Really cannot wait to see if I can have any effect on Lidar guns. this really is the 15.00 and a soldering iron sort of project.
Thanks for the input
Solion
I've built a detector front end using the LT1328 IrDA receiver chip. So long as the photodiode has decent optical filtering for 900nm-ish peak efficiency there is very little noise. It is possible to make GHz bandwidth receivers with a few high grade, low bias current op-amps for even better detection. The 1328 gives a full scale output so it would be pretty easy to scatter a bunch of these detectors all over the car and trigger the jammer heads already installed on the car.
I wouldn't be too concerned about the interrupt handling delay. You want a certain amount of delay - its the presence of a second delayed signal that confuses the LIDAR gun. You just need to ensure that the delay is not so much that the gun can filter it out as a "jammer". My rough calculations based on 8 mhz would cause a secondary pulse to arrive 3.5 uS delayed which, based on the speed of light, works out to be the same as if the LIDAR was ranging a car that was an added 500m away.
I'm sure this is close enough that it will not be filtered out as Jammer noise.
Another concern is if the LIDAR detects the LENGTH of the pulse as well. If you are sending a 2 khz Brute-Force signal, what duty-cycle will you use? The advantage of using an IR photodiode and the interrupt pin is that you could trigger on the rising and falling edge - reproducing the source signal precisely.
UPDATE: Scratch that, research tells me that the LIDAR pulses are extremely short. On the order of a few nS! I think it is unlikely that the guns would do any sort of measurement on the duration of these pulses. Based on this, the interrupt handler for the pulse should be nothing more than turning the LED on and then immediately turning it off. This is good news; LED's can be overdriven substantially when run at low duty cycles. The duty cycle for a single instruction LED pulse (based on an 8 mhz clock) on a 1khz freq would be .05%!!!
An LED designed for a current of 100mA could easily handle 1A - substantially increasing it's output.
Right on brother. Im an engineer as well and this project intruigues me! I built an OBD-I reader with the help of other guys and love it!! I would be very interested in learning more and helping if I can.
Im with an optical networking company that produces MEMS devices, CW light sources using laser diodes. We throw the things away by the case full due to hermeticity issues etc. Im going to dig around and find out the specs on these things.

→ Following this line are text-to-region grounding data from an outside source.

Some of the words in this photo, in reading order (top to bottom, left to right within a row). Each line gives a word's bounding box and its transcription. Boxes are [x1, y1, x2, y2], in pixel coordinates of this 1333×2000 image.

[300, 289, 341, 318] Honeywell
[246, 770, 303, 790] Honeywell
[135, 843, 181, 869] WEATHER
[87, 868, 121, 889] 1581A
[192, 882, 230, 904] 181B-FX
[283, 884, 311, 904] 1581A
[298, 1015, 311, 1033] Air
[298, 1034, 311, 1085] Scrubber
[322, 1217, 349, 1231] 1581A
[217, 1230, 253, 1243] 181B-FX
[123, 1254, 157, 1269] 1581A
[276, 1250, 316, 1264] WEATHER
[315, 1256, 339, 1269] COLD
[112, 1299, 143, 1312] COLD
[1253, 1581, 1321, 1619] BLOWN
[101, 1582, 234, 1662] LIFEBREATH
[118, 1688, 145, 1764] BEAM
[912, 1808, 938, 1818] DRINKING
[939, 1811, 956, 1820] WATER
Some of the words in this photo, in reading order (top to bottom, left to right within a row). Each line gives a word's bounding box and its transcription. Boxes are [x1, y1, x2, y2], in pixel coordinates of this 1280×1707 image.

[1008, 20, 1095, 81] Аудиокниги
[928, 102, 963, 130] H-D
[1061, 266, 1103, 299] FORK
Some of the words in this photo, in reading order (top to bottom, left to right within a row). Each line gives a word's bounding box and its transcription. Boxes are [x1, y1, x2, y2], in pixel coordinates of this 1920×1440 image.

What I dont understand is why you are trying to find a pulse rate? Why not swamp out the receiver circuit of the gun? Is it to avoid jamming notification at the gun? Your LEDs laser or not will always be brighter than the reflected signal.
I feel stupid potentially having throw away diodes that can build jammers. Im hoping they are closer to the 902nm that is needed.
Please keep posting on the DIY project! This is exciting.
The biggest problem with swamping out the receiver rather than pulses to trick it is the amount of light output required. You're broadcasting light out in a general sweep of an area to overcome the reflection of something which by comparison is more focused. I saw a web page, a little dated by still relevant which contained all the light output calculations and requirements for such a device and it can and has been done but its much more expensive and more prone to failures.
I'll see if I can dig it up, it was great article.
If you use delayed return pulses they'll have to be extremely close to the gun's returned pulse, as the gun itself only responds to the first returned pulse. So if the gun's own pulse returns before your jammer's pulse, guess what, the gun ignores your jammer's pulse!
You need to use an algorithm that anticipates the arrival of the next pulse (by determining the pps rate) and then sending pulses out AHEAD of the gun's next pulse. That way the gun measures based on your jammer's pulses instead of the gun's pulses and you can achieve a successful jam by varying the timing of the return pulses.